Kinder, Gentler Neo-Cons
In addition to inflaming paranoia in some right-wing quarters, Democratic Presidents have a way of inspiring foreign-policy conservatives to form hawkish pressure groups. The Committee on the Present Danger bedeviled Jimmy Carter, and then helped staff Ronald Reagan’s Administration. The Project for a New American Century put the squeeze on Bill Clinton to sign the Iraq Liberation Act, and then provided George Bush with many of his top officials, who ran and wrecked the liberation of Iraq. Two months into the Obama Presidency, the ideological descendant of these organizations has already been born.

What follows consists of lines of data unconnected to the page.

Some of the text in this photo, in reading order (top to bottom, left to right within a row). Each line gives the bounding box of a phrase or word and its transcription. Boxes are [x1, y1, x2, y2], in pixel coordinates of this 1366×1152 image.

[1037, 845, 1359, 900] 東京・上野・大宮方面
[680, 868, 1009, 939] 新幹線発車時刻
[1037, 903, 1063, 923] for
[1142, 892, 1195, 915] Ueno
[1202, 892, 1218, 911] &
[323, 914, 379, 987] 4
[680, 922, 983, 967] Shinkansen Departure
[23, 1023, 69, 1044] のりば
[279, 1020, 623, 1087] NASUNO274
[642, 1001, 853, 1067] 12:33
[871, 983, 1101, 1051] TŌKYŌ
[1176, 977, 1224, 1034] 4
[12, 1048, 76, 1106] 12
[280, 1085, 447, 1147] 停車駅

It’s called simply—and far more modestly than its predecessors—the Foreign Policy Initiative. Its leaders will be familiar to students of recent history: William Kristol, Robert Kagan, and Dan Senor. Kristol has been the most influential conservative publicist of the past two decades (I’ve written about him in this space before); for him, ideas are inseparable from political strategy and power. Kagan is one of the smartest foreign-policy minds around, but his intelligence is not of the self-critical or curious kind; he’s written many words about the war, but has never been able to acknowledge his own intellectual failures on Iraq (Kagan and I got into this exchange about whether such a thing as neo-conservatism even exists). Dan Senor is a very nice man— successful in the fields of politics, media, and finance—who slowly lost his credibility in the daily press briefings he gave as L. Paul Bremer’s spokesman during the first year of the occupation in Baghdad. Together, their record on the most important foreign policy initiative of this generation has not been stellar.

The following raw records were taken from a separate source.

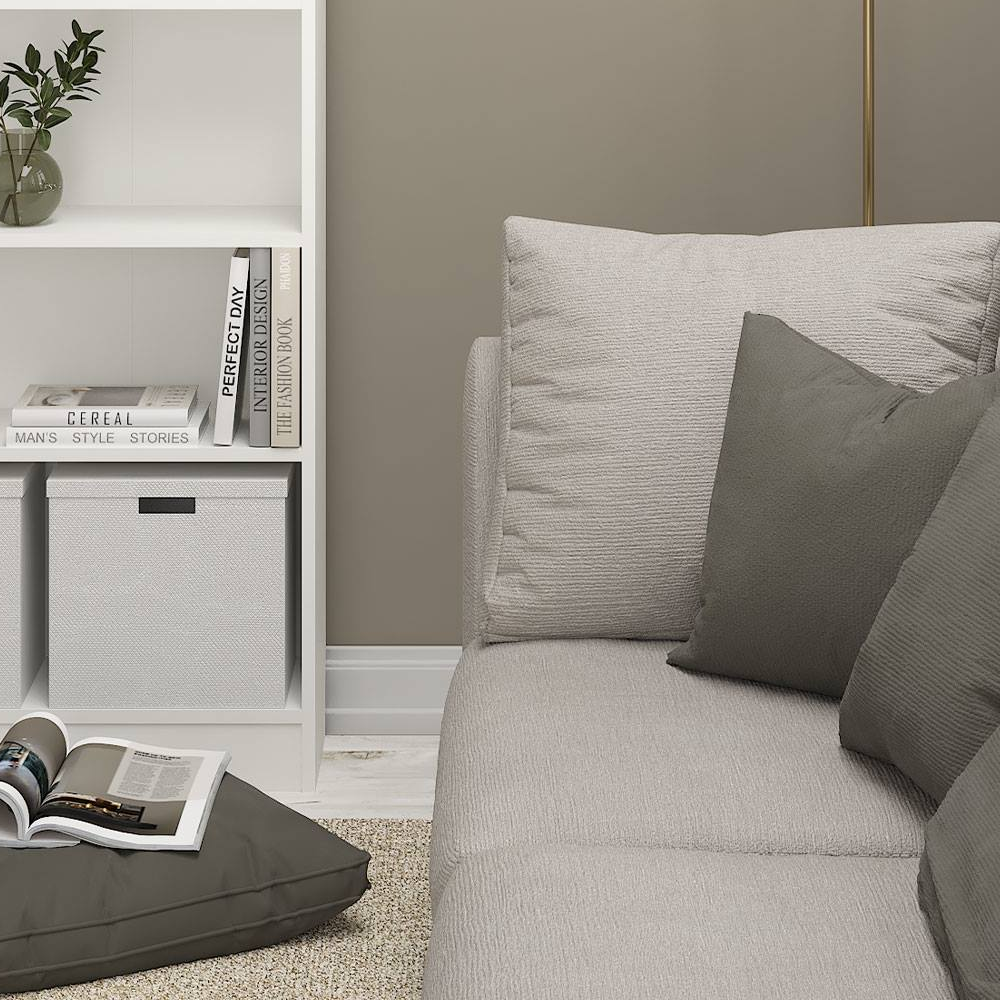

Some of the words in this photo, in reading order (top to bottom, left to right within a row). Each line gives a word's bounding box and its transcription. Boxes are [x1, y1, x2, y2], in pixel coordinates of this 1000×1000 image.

[230, 286, 244, 318] DAY
[253, 278, 267, 335] DESIGN
[277, 317, 292, 352] BOOK
[222, 322, 240, 397] PERFECT
[253, 340, 267, 412] INTERIOR
[277, 355, 292, 408] FASHION
[67, 412, 133, 426] CEREAL
[277, 411, 292, 436] THE
[15, 432, 57, 443] MAN'S
[72, 432, 115, 443] STYLE
[130, 432, 189, 443] STORIES

Usually, ideological grouplets announce their arrival with claims of world-historical importance that are in inverse proportion to their size and influence. But no sunny vistas and threatening storm clouds accompany the Foreign Policy Initiative’s birth. Its leaders are in favor of international engagement, human rights, and strong alliances. They are against isolationism and retreat. So am I! Maybe you too! There’s no talk of benevolent global hegemony or a new American century or a world of imminent threats. Instead, there are “many foreign policy challenges.” This is the anodyne language of establishment think tanks like the Council on Foreign Relations—the kind of places that foreign-policy hawks have always held in a certain degree of contempt. Perhaps it’s a subtle admission of a recent chastening. Or perhaps not.
If you didn’t know the history of its founders, you could almost imagine that the Foreign Policy Initiative represents a constructive and nonpartisan effort to keep America engaged around the world. In which case, you would be surprised and disappointed if instead the group turned out to be a stick with which to beat the new Democratic Administration for its craven appeasement of evil.